Las preocupaciones más sentidas que se reflejaron en las intervenciones fueron el aumento de docentes contagiados de covid-19, que está poniendo en crisis el reparto del SAE en las escuelas y la falta de elementos de protección para realizarlo; la no convocatoria a actos públicos virtuales, la sobrecarga laboral que contrae la virtualidad, la desvalorización del salario docente y el cobro en cuotas del aguinaldo; la falta de obras de infraestructura escolar que puedan garantizar la aplicación de un protocolo de vuelta a clases. Sobre este punto, la abrumadora mayoría de las intervenciones constataron que el protocolo presentado por el gobierno se choca con la realidad del estado de los edificios escolares, con falta de agua, aulas abarrotadas de alumnos que imposibilitan el “distanciamiento social”, y el estado ruinoso de los edificios escolares que no cumplen con las mínimas condiciones de seguridad e higiene para volver a las aulas.
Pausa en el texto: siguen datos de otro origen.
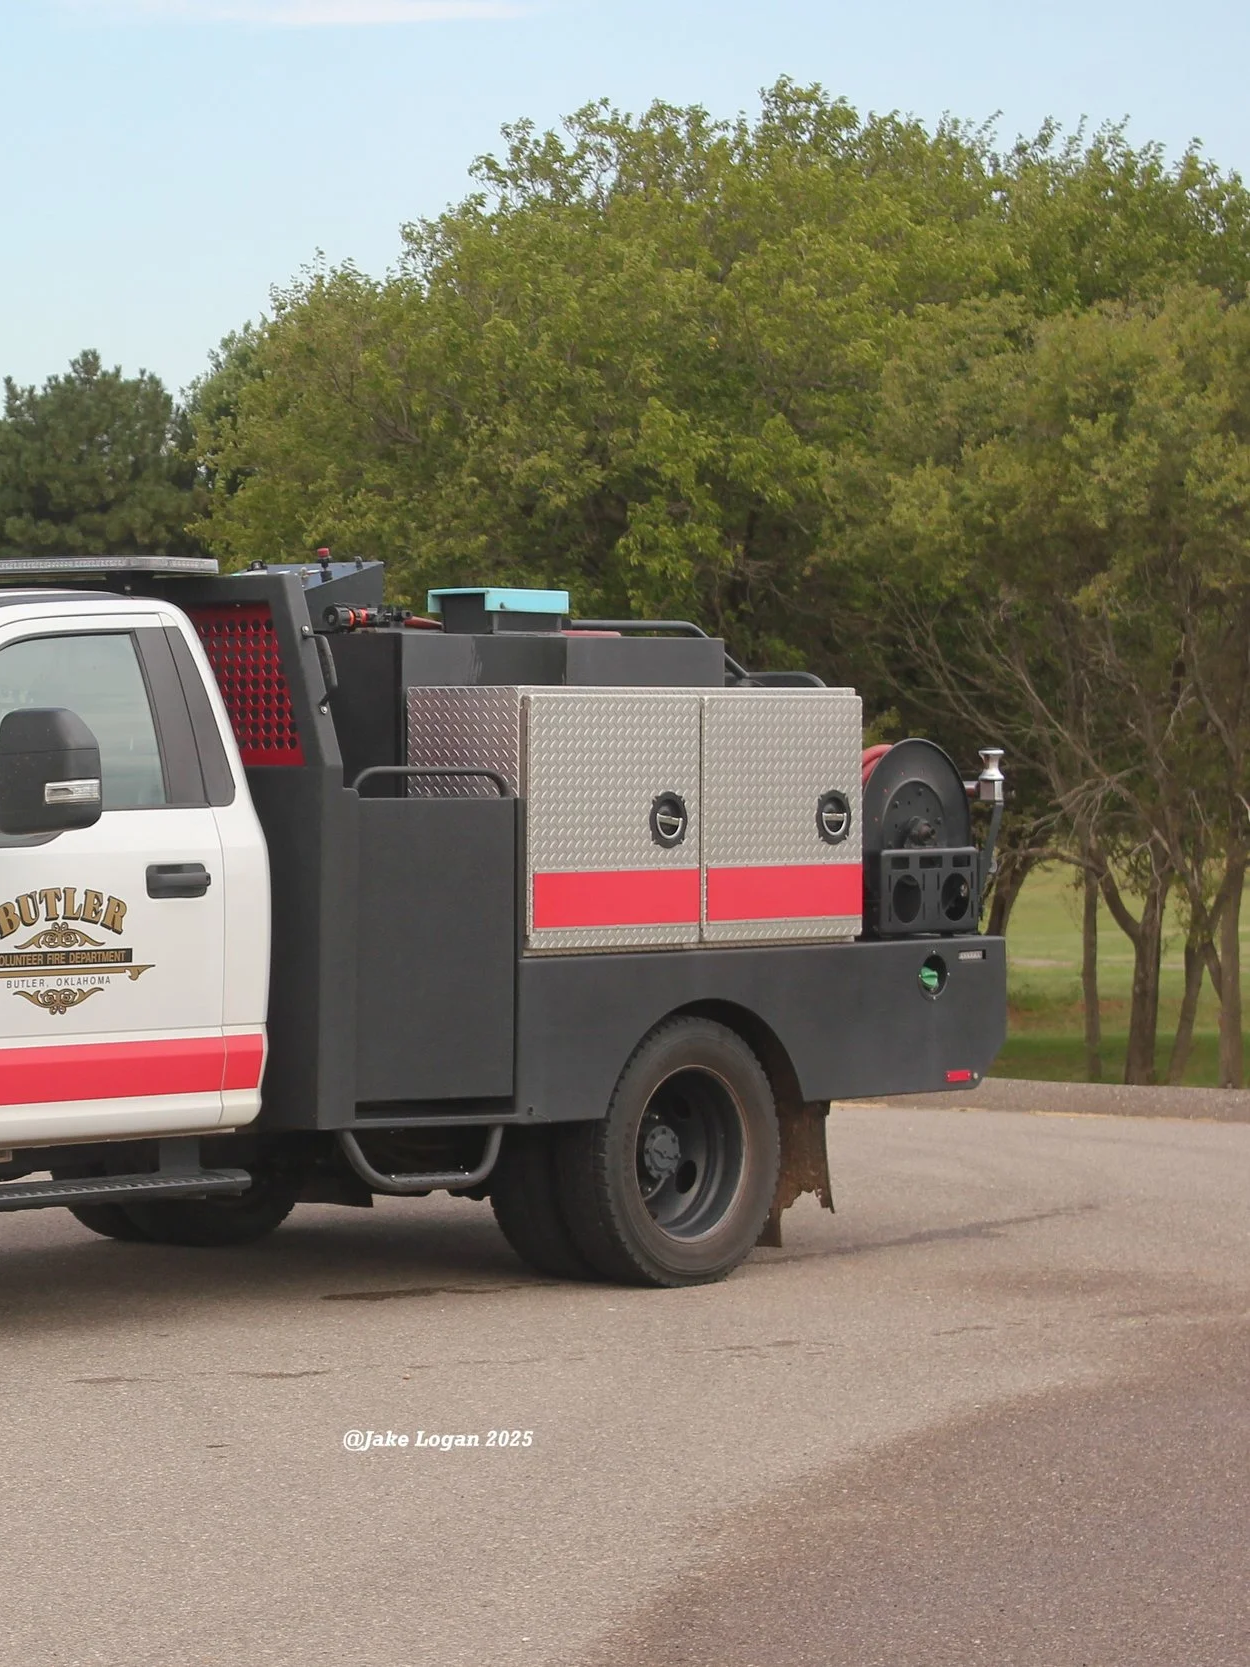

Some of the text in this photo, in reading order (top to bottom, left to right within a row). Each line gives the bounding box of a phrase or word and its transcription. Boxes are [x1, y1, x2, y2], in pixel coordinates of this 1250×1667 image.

Entre otras resoluciones centrales se votó una campaña por la reapertura de la paritaria salarial, la defensa del cobro integral del aguinaldo y la realización de un festival online “En defensa de la Escuela Pública”. La asamblea cerró con una foto virtual de los compañeros en apoyo a la libertad de Sebastián Romero y por la libertad de todos los presos políticos.

La dirección provincial del gremio y la CTERA han dado su acuerdo para un retorno a clases “consensuado” sin el mandato de la ninguna asamblea, y el protocolo en cuestión fue sellado a espaldas de la docencia.

En nuestras intervenciones, los compañeros de Tribuna Docente (T) vinculamos la crisis educativa con la crisis política y una bancarrota económica general. Denunciamos el colapso del sistema de salud público, que desnuda la incapacidad del régimen capitalista para proteger la vida de los trabajadores. Destacamos que la cuarentena, lejos de apaciguar las luchas del movimiento obrero, las ha acrecentado, como lo demuestran numerosas luchas docentes (Santa Fe, Catamarca, Chubut, Tucumán) y otros gremios. Planteamos que la docencia bonaerense delibere en un plenario provincial de delegados con mandato de escuela para organizar un plan de lucha para imponer un protocolo propio de vuelta a clases, la conformación de comités de seguridad e higiene en cada escuela, la reapertura de la paritaria, la indexación del salario por inflación, la convocatoria a actos públicos virtuales, junto a todas las reivindicaciones pendientes de la docencia.

Por su parte, las agrupaciones ligadas al FIT-U se centraron en que el sindicato se ponga al servicio de impulsar una campaña por su proyecto de “impuesto a las grandes fortunas”. Argumentaron que era una medida “progresiva” y fue presentado incluso como la “salida para el pueblo trabajador”. El PCR (integrado al gobierno) mocionó el apoyo a todo proyecto de “cualquier espacio político” que gravara las grandes fortunas. Baradel apoya el proyecto del oficialismo, que nadie conoce todavía.

Por nuestra parte, nos abstuvimos. Rechazamos el método ultimatista de someter a las asambleas de trabajadores un proyecto sin deliberación previa y por sembrar expectativas en un parlamento incapaz de satisfacer ninguna necesidad popular. En nuestra intervención sostuvimos la necesidad de coordinación de las luchas del movimiento obrero y la convocatoria a un congreso de bases que vote un programa integral (desconocimiento de la deuda, nacionalización de la banca, renacionalización del sistema educativo, el control obrero de la producción y un gobierno de trabajadores). El planteo del FIT-U se aprobó por mayoría.